Using cosineSimilarity function inside aggregation scripts

I am trying to use cosineSimilarity function inside in aggregation script but getting

Unknown call [cosine Similarity] with [2] arguments

{
    "query": {
        "match_all": {}
    },
    "aggs": {
        "group": {
            "terms": {
                "field": "group"
            },
            "aggs": {
                "profit": {
                    "scripted_metric": {
                        "params": {
                             "que_vec": [1,2,3], "ans_vec": [3,4,5]
                        },
                        "init_script": "state.scores = [:]",
                        "map_script": "double score = 0; if (doc.type.value == 'question') { score = cosineSimilarity(params.que_vec, doc.vector) } else { score = cosineSimilarity(params.ans_vec, doc.vector) } if (score > state.scores.getOrDefault(doc.type.value, 0)) { state.scores[doc.type.value] = score }",
                        "combine_script": "return state.scores",
                        "reduce_script": "return states"
                    }
                }
            }
        }
    }
}
1 Like

@lonewolf cosineSimilarity function is not available in this context. It is only available only in score context. Different painless contexts have different functions available for them.
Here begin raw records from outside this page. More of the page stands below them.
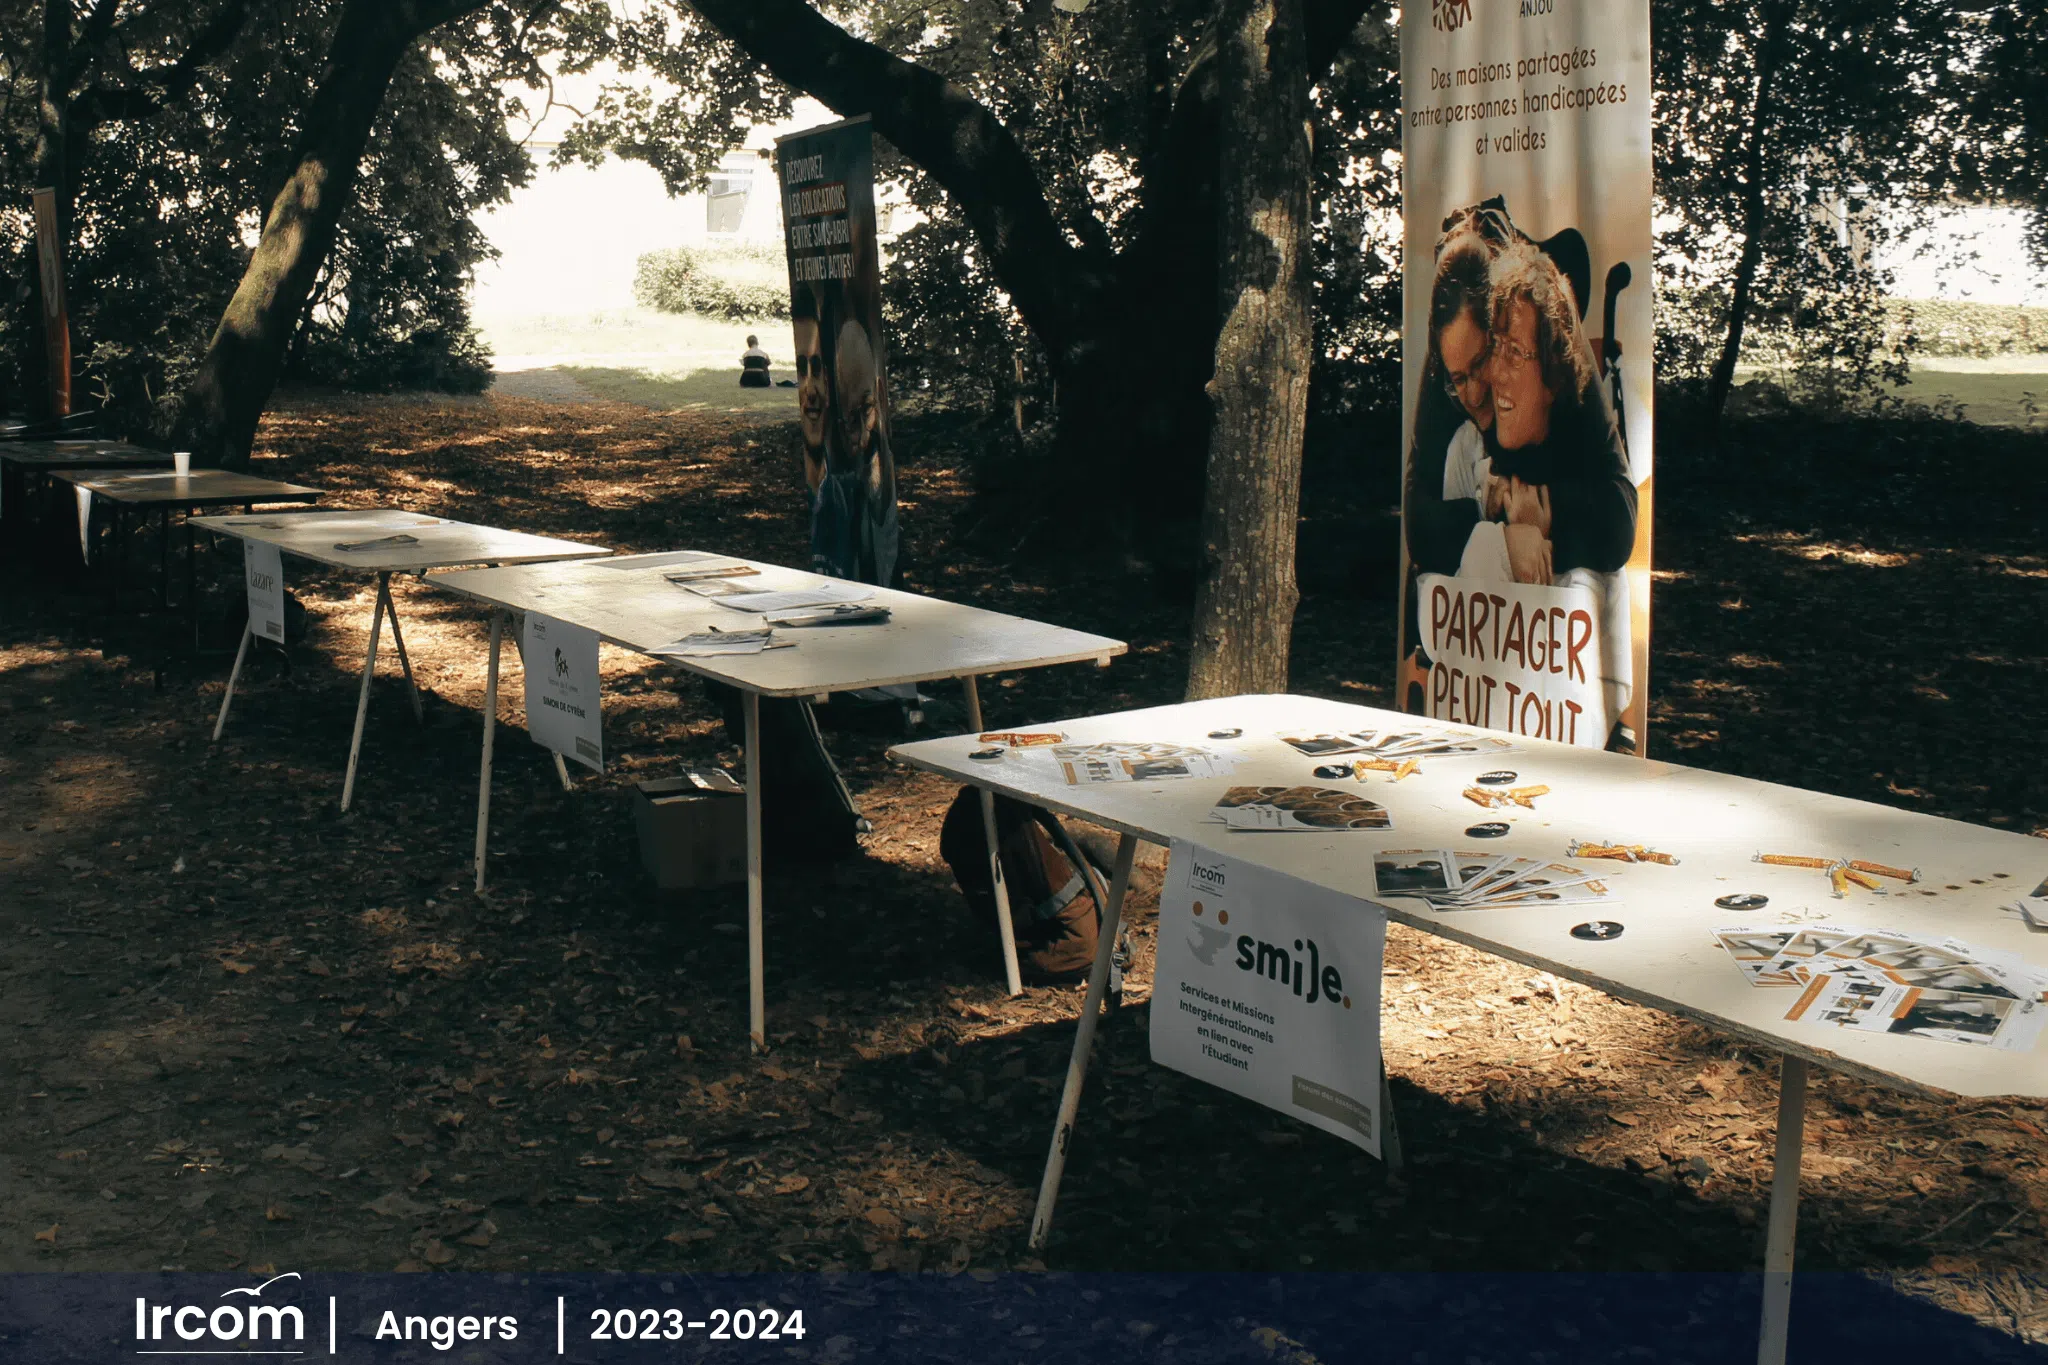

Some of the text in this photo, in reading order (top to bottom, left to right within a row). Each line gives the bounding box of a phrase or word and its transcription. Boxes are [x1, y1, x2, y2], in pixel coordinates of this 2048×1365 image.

[1519, 0, 1553, 18] ANJOU
[1431, 47, 1596, 91] Des maisons partagées
[1411, 82, 1627, 128] entre personnes handicapées
[1476, 126, 1546, 155] et valides
[786, 154, 824, 185] DÉCOUVREZ
[789, 184, 846, 217] LES COLOCATIONS
[792, 224, 813, 249] ENTRE
[1432, 585, 1592, 684] PARTAGER
[1433, 661, 1583, 745] PEUT TOUT
[1193, 863, 1225, 885] Ircom
[1180, 981, 1275, 1025] Services et Missions
[1179, 999, 1274, 1044] Intergénérationnels
[1197, 1025, 1254, 1055] en lien avec
Can you please describe your use case? Why do you need cosineSimilarity to calculate aggregation results?

I wish to compare a given query (which is a set of vectors) to all documents (vectors) in the index. The documents in the index will aggregated into buckets and then for each bucket, pairwise cosine similarity carried between vectors in bucket and vectors in query. Finally, highest cosine score and corresponding pair will be returned.

If I carry out the cosine similarity calculation in score script, the result will be available as "_score" field in aggregation and this would allow me to calculate highest cosine score for a bucket. But it would not be possible to find out which pair of vectors contributed to highest score.

2 Likes

This topic was automatically closed 28 days after the last reply. New replies are no longer allowed.